# Basement Ceilings - sprinklers or drywall or nothing



## bozobozo (Jan 23, 2012)

I had a brief discussion with the township folks concerning the requirement for sprinklers in a new home I plan to build in Bethel Township,  Lebanon PA.  Not sure I fully understand what I heard.  I was told I had to either install sprinklers in the basement or drywall the ceiling.  Is this correct?  Attached is the basic floor plan for the walk-out basement. Since I will be frequently using the Storage Rooms and the Workshop (3 front rooms on the plan) I'm already planning on 5/8 drywall on the ceilings.  However, the rear 2 rooms will not be used for anything except Mechanicals  (HVAC/Well Tank/Electric Panel and possibly some storage.  Can I leave the ceiling open here (using 16 open web floor trusses in case it makes any difference with the answer).

View attachment 1641


View attachment 1641


/monthly_2012_01/572953e48d0c9_basementfloorplan.jpg.8a57c8a4da7ea981bc4ab82aeab65ee5.jpg


----------



## fatboy (Jan 23, 2012)

Not familar with the PA code, those are the requirements in the 2012 IRC.

They have already adopted it?

In the unamended test of the IRC, you can have up to 80 square feet of unprotected members.

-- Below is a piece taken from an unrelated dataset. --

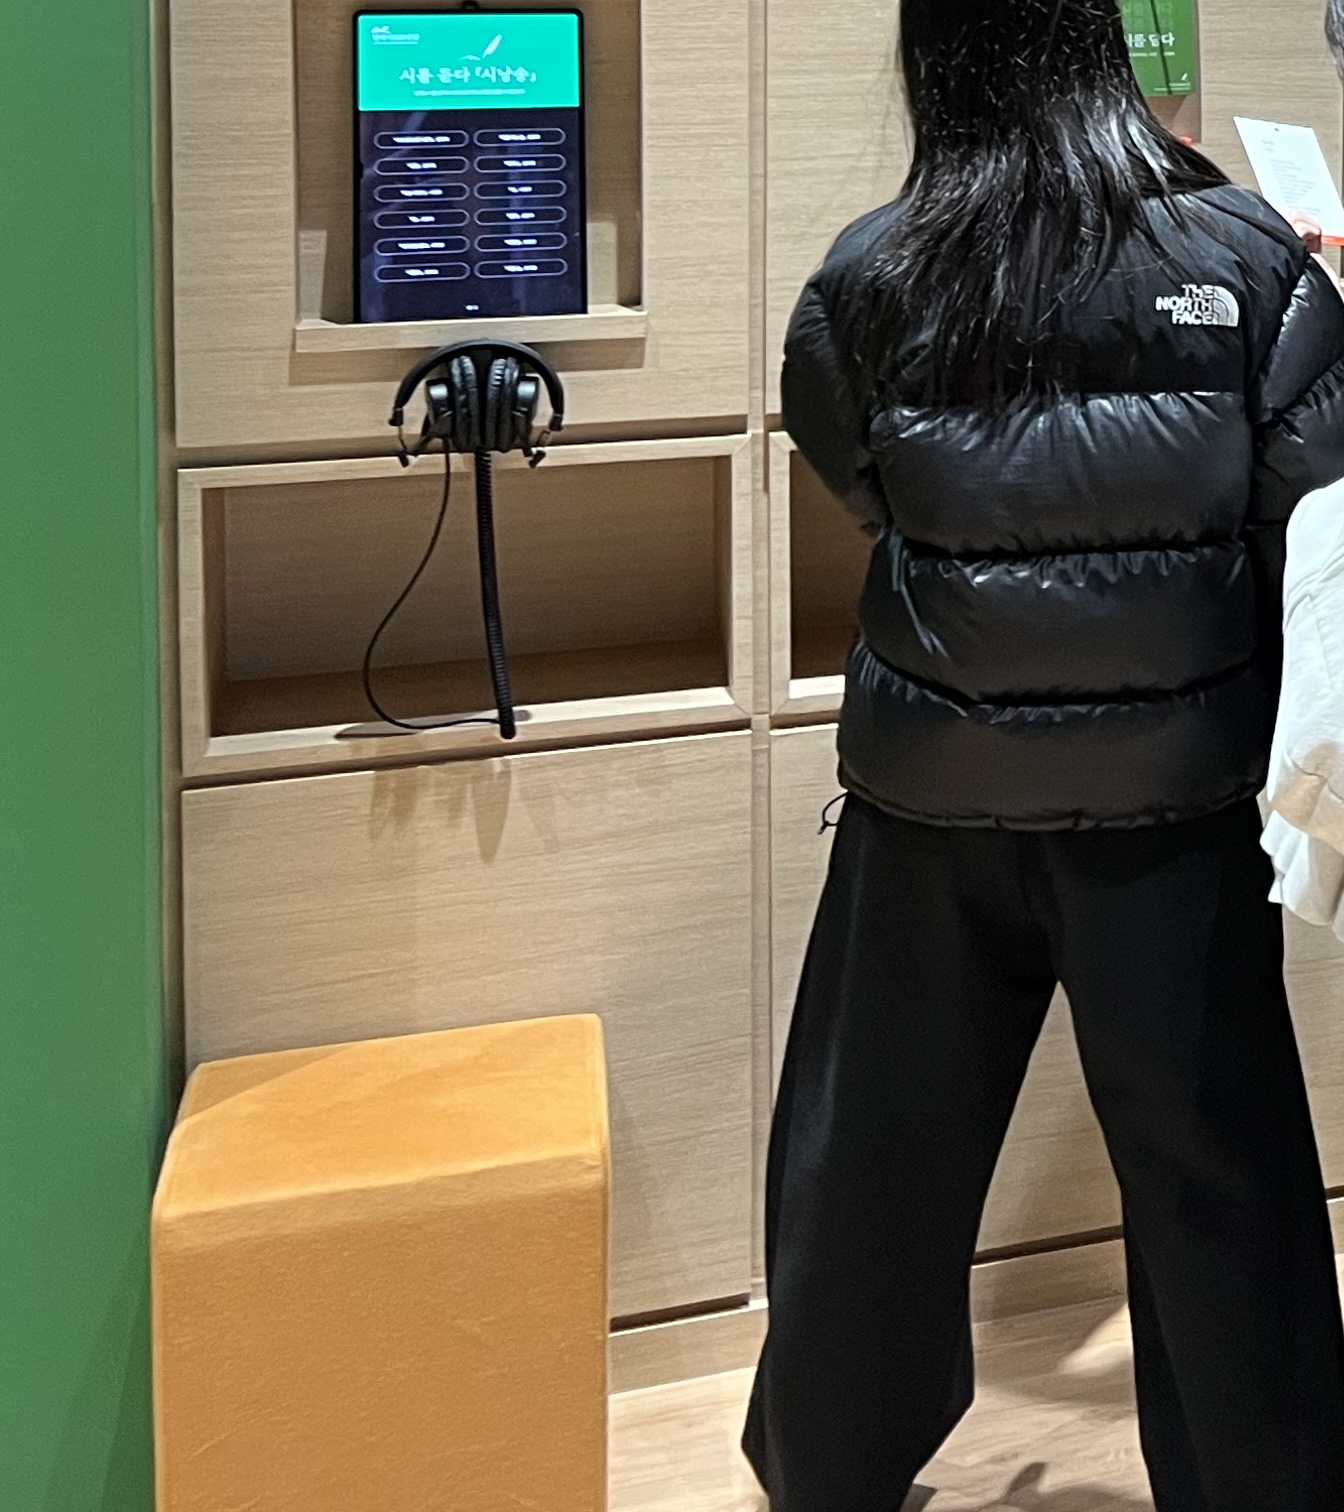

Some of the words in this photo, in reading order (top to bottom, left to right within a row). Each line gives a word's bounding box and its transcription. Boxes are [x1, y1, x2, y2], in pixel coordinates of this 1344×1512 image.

Probaly won't get many responses, as not many of us are having to enforce that yet, and will be amending sprinklers out. Which makes this section interesting. Guess you don't have any option other than building with dimensional, or voluntarily insptalling P2904 sprinklers.


----------



## David Henderson (Jan 23, 2012)

Drywall is cheaper, living space above mech. room why not rock the ceiling?


----------



## cda (Jan 23, 2012)

As much as I wish you would sprinkle your entire

You just look at the cost for installing a sprinkler system  vs a few more sheets of  sheetrock

What they might be trying to do is put a fire barrier between the basement and rest of the house

Suggest for your information and future question posting on this forum is to nicely ask whoever is making the requirement to cite you the code section

That way you can get a copy of it with any exceptions and research it, along with posting the code section number with your question

For your on copy they should be able to give you one of that specific section


----------



## jar546 (Jan 23, 2012)

Pennsylvania's removal of sprinkler language:

(g) Automatic fire sprinkler systems in one-family and twofamily

dwellings.--

(1) Section R313.2 (relating to automatic fire sprinkler

systems in one- and two-family dwellings) of the

International Residential Code (2009 edition), and any

successor triennial revisions, is *excluded* from this act and

shall not be part of Chapter 3.

(2) A builder of a one-family or two-family dwelling

subject to the International Residential Code shall, at or

before the time of entering into the purchase contract, do

all of the following:

(i) Offer to a buyer the option to install or equip,

at the buyer's expense, an automatic fire sprinkler

system in the building or dwelling unit designed and

installed in accordance with the provisions of section

R313.2.1 (relating to design and installation of

automatic fire sprinkler systems) of the International

Residential Code (2009 edition).

(ii) Provide the buyer with information which

explains the initial and ongoing cost of installing and

equipping an automatic fire sprinkler system in the

building or dwelling unit.

(iii) Provide the buyer with information, as made

available by the State Fire Commissioner on the agency's

Internet website, on the possible benefits of installing

an automatic sprinkler system.

TJI Floor Protection:

(H) FIRE PROTECTION OF FLOORS.--

(1) EXCEPT AS SET FORTH IN PARAGRAPH (2), A FLOOR

ASSEMBLY NOT REQUIRED IN THE INTERNATIONAL RESIDENTIAL CODE,

OR ITS SUCCESSOR BUILDING CODE, TO BE FIRE-RESISTANCE RATED

SHALL BE PROVIDED WITH A 1/2-INCH GYPSUM WALLBOARD MEMBRANE,

5/8-INCH WOOD STRUCTURAL PANEL MEMBRANE, OR EQUIVALENT, ON

THE UNDERSIDE OF THE FLOOR FRAMING MEMBER.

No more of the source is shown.